Closing Statement of Governor-General Carter Monaghan
C-PAN's National Election Vitavision Debate
8 February 1973

My fellow North Americans and my friends,

I thank the moderator, Mr. Agnello, for his service, and I thank both of
my opponents for a spirited debate and a contest conducted to the highest 
standard.  Our debate tonight has made one thing very clear.  I could go 
on at some length about how our government has made our nation the most 
prosperous, best educated, and healthiest in the history of the world.  
And that would all be true.  But I will not say those things [1], because I
would be criticized, and rightly so, on the ground that all our achievements 
are for nought if our nation is not secure.  And tonight, my friends, we are 
not secure.  Several nations have the capability of exploding atomic
bombs anywhere in the world, and several others, including our great 
neighbor, are developing that capability.  Our world is beset by conflicts 
between nations and within nations, conflicts that could bring the atomic 
powers into tragic confrontation.  And finally, I must admit, our military 
was unable to successfully carry out the intervention mission assigned to it 
last month, and thousands of our soldiers are dead, wounded, missing, or 
taken prisoner.

The only real issue tonight, then, is how our nation should deal with our new 
insecurity.  One the one hand, Professor Volk has told you that others' 
atomic bombs are no threat to us, as such a weapon has no rational use in 
war, particularly given our own ability to retaliate.  We should act 
solely on the diplomatic and economic fronts, he says, since any military 
action is necessarily counterproductive.  I honor Professor Volk's 
idealism, but I am afraid that we do not live in an ideal world.  Even if 
atomic weapons cannot be used in war, other weapons can and will be.  
We need a non-atomic military second to none, and as I have pledged 
tonight a new People's Coalition government will build that military.  Our 
troops in Puerto Rico were not cowards, nor was the failure theirs.  There 
was a failure of organization, planning, and intelligence, for which I have 
accepted full responsibility.  As I outlined earlier tonight, we are 
undertaking a top-to-bottom review of all military procedures and increasing 
spending on new weapons, old weapons, logistics, and training.  Yes, we 
_will_ act diplomatically and economically as Professor Volk recommends, but 
under our government any power who confronts us militarily will find us ready 
for any eventuality.

But what of my other opponent's arguments?  Governor Skinner also pledges to 
reform our military, and says that since the ultimate failure in Puerto Rico 
was mine, that he rather than I should be trusted to lead this reform.  He 
promises to 'raise our profile on the global stage', as he puts it.  To hear 
Governor Skinner tell it, all the CNA has to do is let out a loud enough 
holler, and the rest of the world will come to us like hogs to the feeding 
trough [2].  The European powers [3] will give over their efforts to expand 
their influence in the Western Hemisphere.  The developing countries of the 
Far East will open their doors to our goods, but will cheerfully allow us to 
keep our own door closed to theirs.  The Jeffersonistas in Puerto Rico will 
tremble at our wrath, and hand over our men without a murmur of dissent.  Our 
great neighbor will cease its attempts to harness atomic power, and meekly 
accept a place among the lesser nations of the world.

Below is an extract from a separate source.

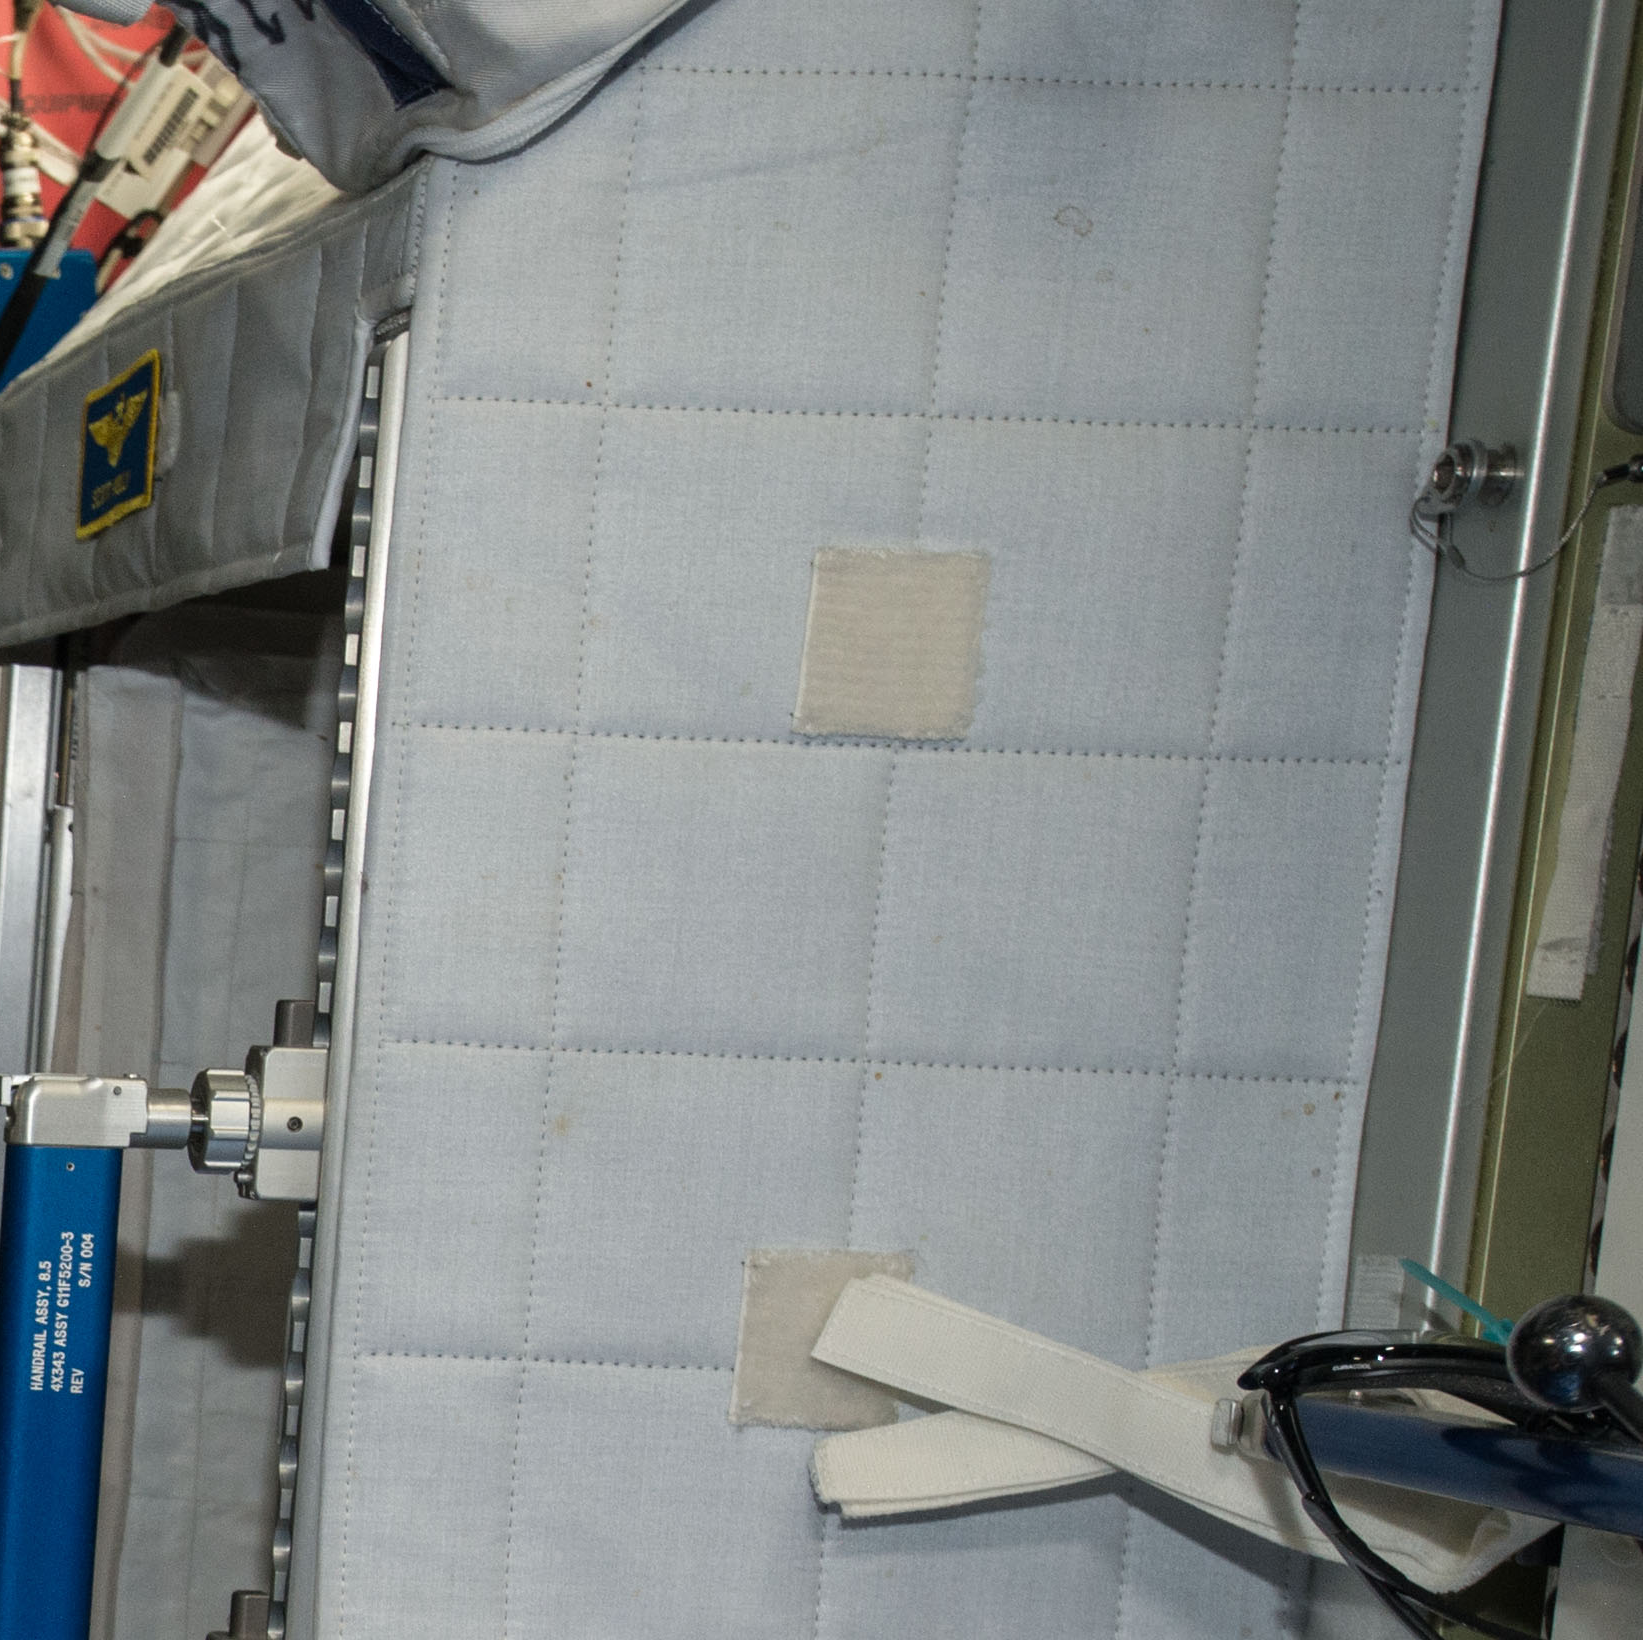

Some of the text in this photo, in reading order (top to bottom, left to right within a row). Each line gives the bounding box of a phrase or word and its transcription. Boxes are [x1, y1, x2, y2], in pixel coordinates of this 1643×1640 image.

[30, 1260, 53, 1391] HANDRAIL ASSY, 8.5
[51, 1231, 75, 1392] 4X343 ASSY G11F5200-3
[70, 1233, 95, 1394] REV S/N 004

Now, Governor, I've greatly appreciated the colorful country expressions
you've used in the campaign, and I've got one for you.  My daddy back in
Dickinson County, SV [4] was a hog farmer by trade, and he always used to 
say to me, "Don't never slop the swine in your go-to-meeting shoes". [5]
Slopping the swine is a tricky business, and there are no simple answers
down there in the waller -- you've got to be ready to get down in the muck
and do the job right.  Now I wish that I could believe that Governor Skinner
was ready to get down in the waller that this dirty world sometimes amounts
to.  But he's still got his go-to-meeting shoes on -- if his proposals don't
work out nice and clean, what's he gon' do with those shoes down in the 
muck? [6]

There is a sensible middle course, my fellow North Americans, between the
rash actions of inexperience and the unrealistic expectations of lofty
idealism.  It is the course of tested leadership that has earned the trust
that is the birthright of the citizens of our great Confederation.  It is
the course of Ezra Gallivan and of Perry Jay, the course of the long proud 
history of the People's Coalition, the course of prosperity at home and
of prudent initiative abroad.  It is the course that I have followed as your
Governor-General, and the course that I will continue to follow if you will
honor me with your votes.  May God bless the Confederation of North America.

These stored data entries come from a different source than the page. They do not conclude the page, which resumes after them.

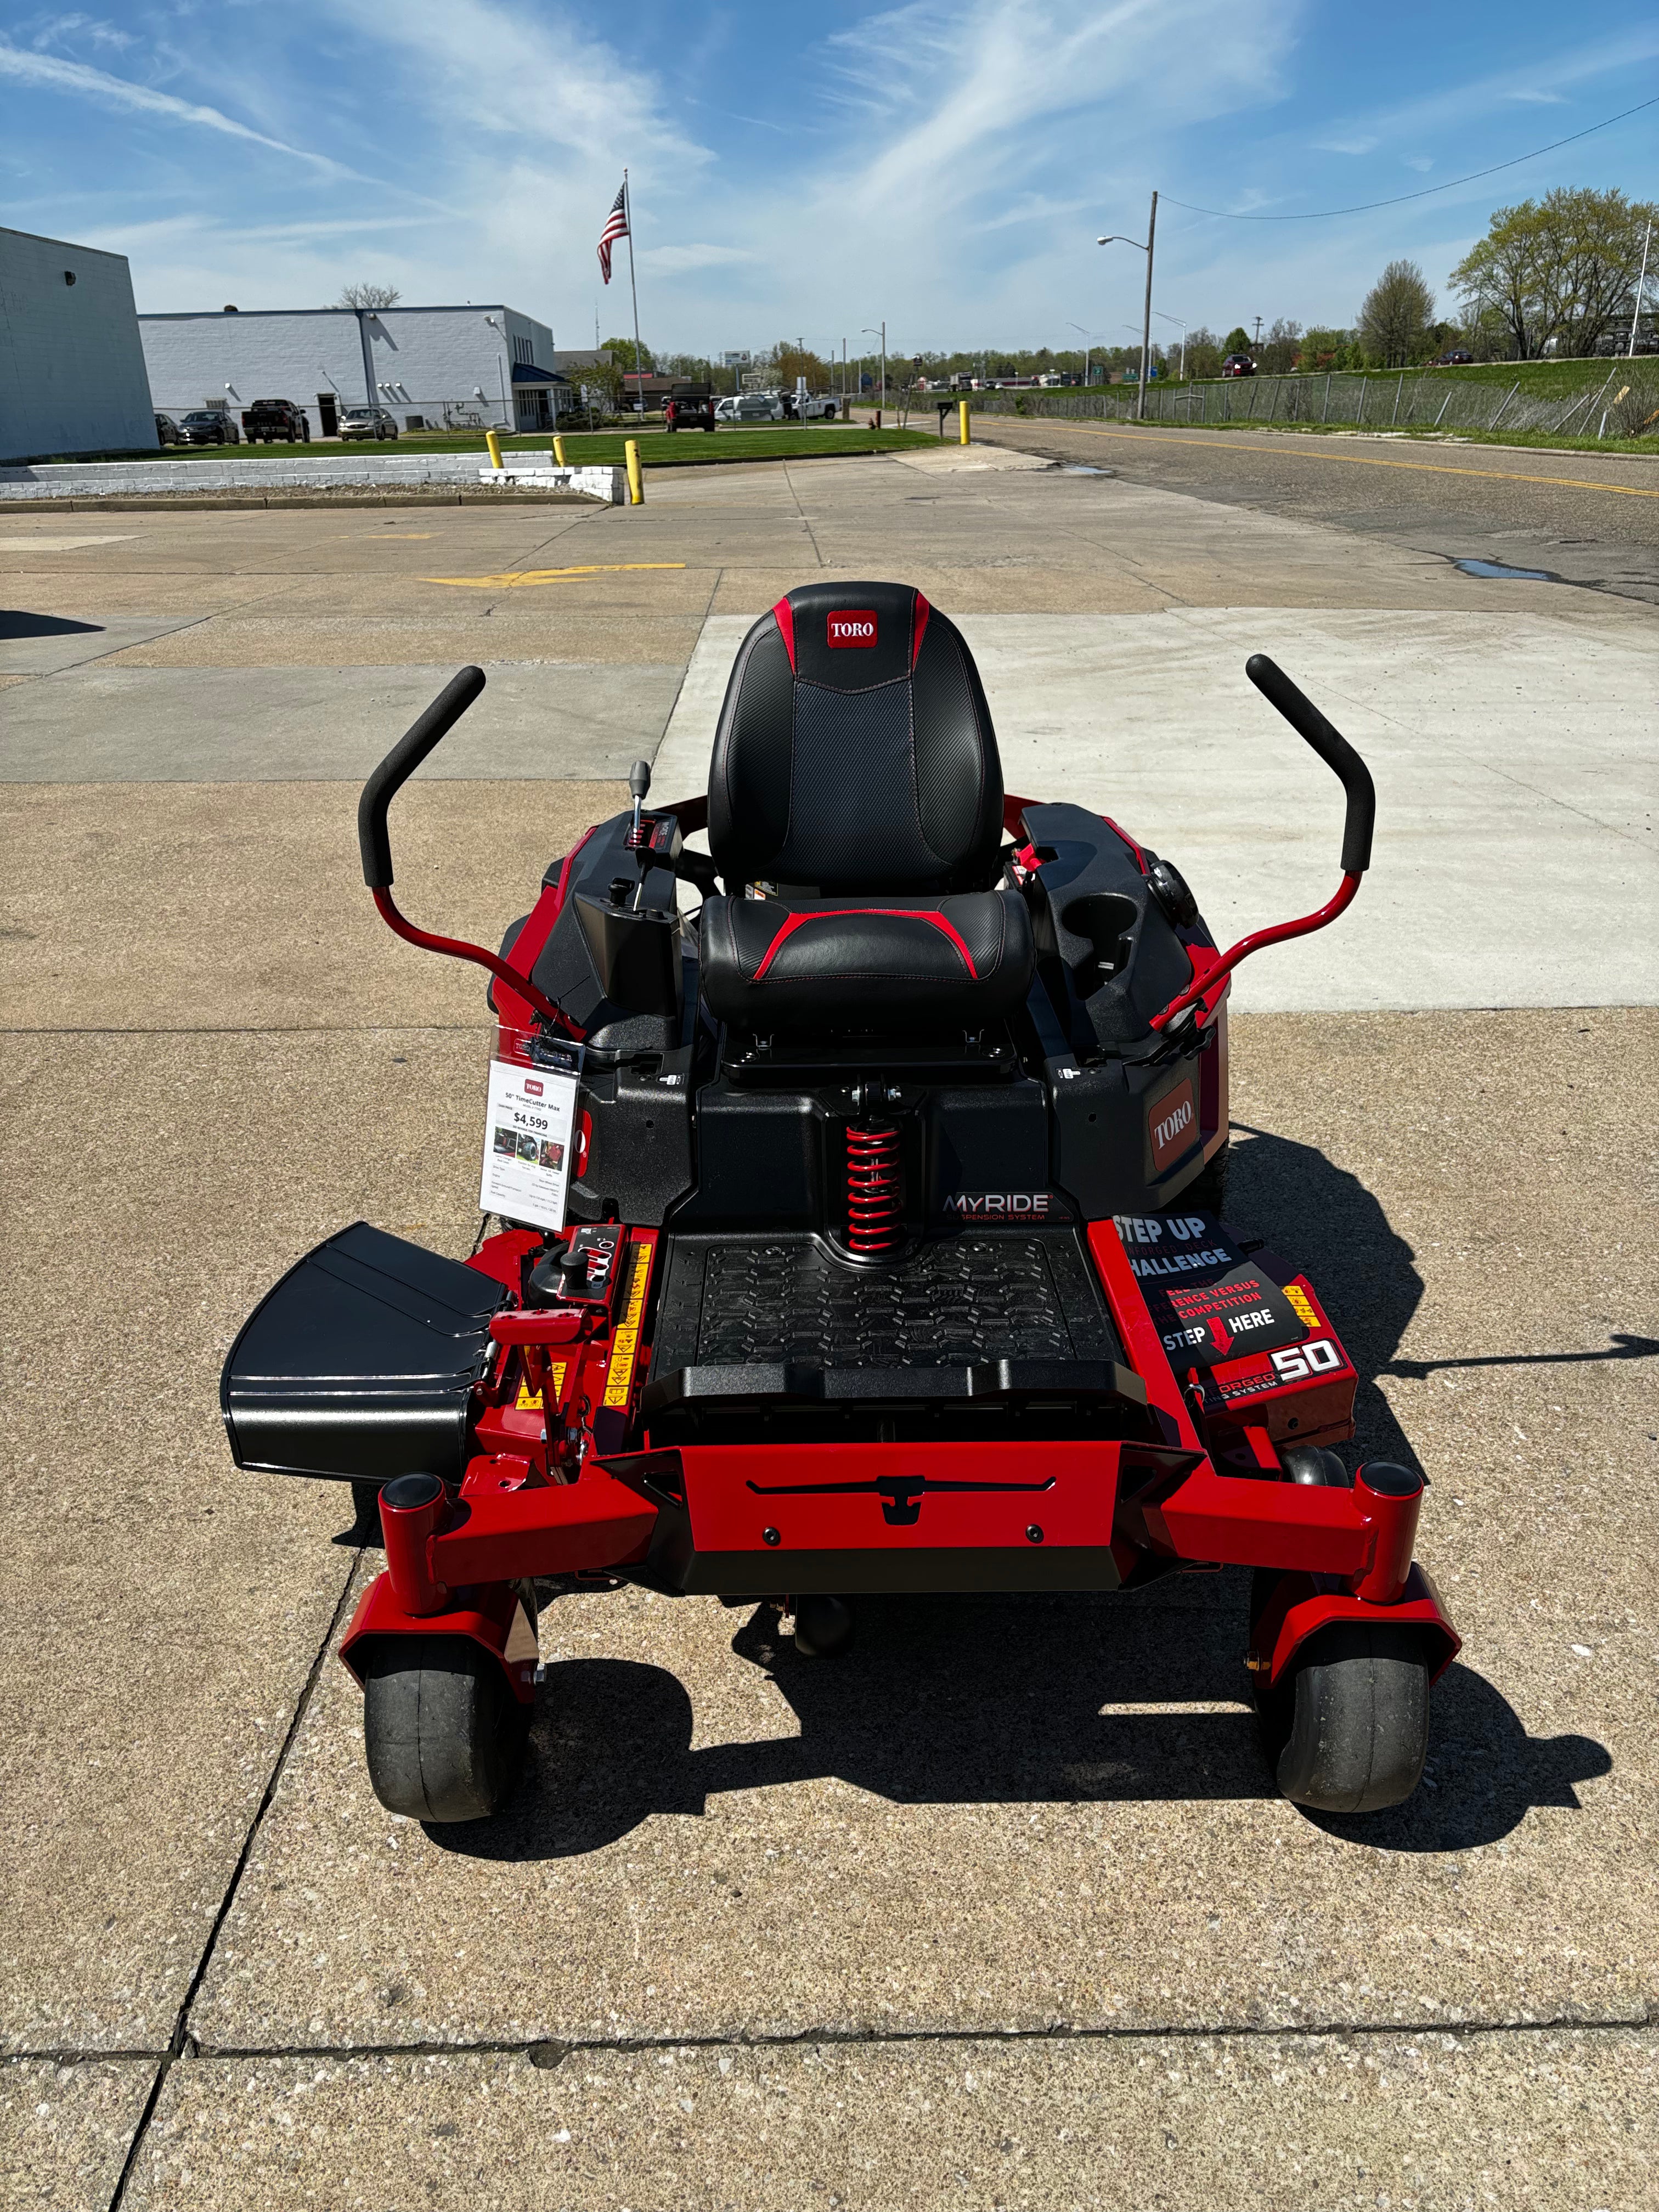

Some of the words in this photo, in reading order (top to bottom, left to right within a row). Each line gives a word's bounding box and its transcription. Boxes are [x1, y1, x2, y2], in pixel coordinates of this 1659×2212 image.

[831, 623, 874, 637] TORO
[526, 1083, 541, 1092] TORO
[516, 1095, 547, 1108] TimeCutter
[514, 1112, 548, 1130] $4,599
[1154, 1101, 1191, 1150] TORO
[1113, 1215, 1162, 1243] STEP
[1166, 1217, 1206, 1240] UP
[1125, 1245, 1177, 1256] NFORGED
[1185, 1239, 1218, 1251] DECK
[1129, 1248, 1232, 1277] HALLENGE
[1159, 1285, 1190, 1297] FEEL
[1190, 1278, 1217, 1289] THE
[1210, 1279, 1260, 1297] VERSUS
[1178, 1291, 1262, 1319] COMPETITION
[1163, 1327, 1205, 1351] STEP
[1228, 1308, 1274, 1333] HERE
[1271, 1340, 1340, 1381] 50
[1204, 1393, 1230, 1404] TING
[1231, 1381, 1278, 1396] SYSTEM
[1206, 1373, 1275, 1396] FORGED

[1] As all classicists know, the rhetorical figure _praeteritio_, a 
    favorite of Cicero, consists of saying something by pointing out
    that you're not going to say it.

[2] A subtle dig at the Mason Aid programs of Skinner's party?  Surely not 
    from plain, simple Carter Monaghan!

[3] That is, the German Empire.

[4] Referred to briefly in #10.

[5] "That's a strange expression, Bruce."  "Well, Bruce, I heard the
    Governor-General use it just the other day..."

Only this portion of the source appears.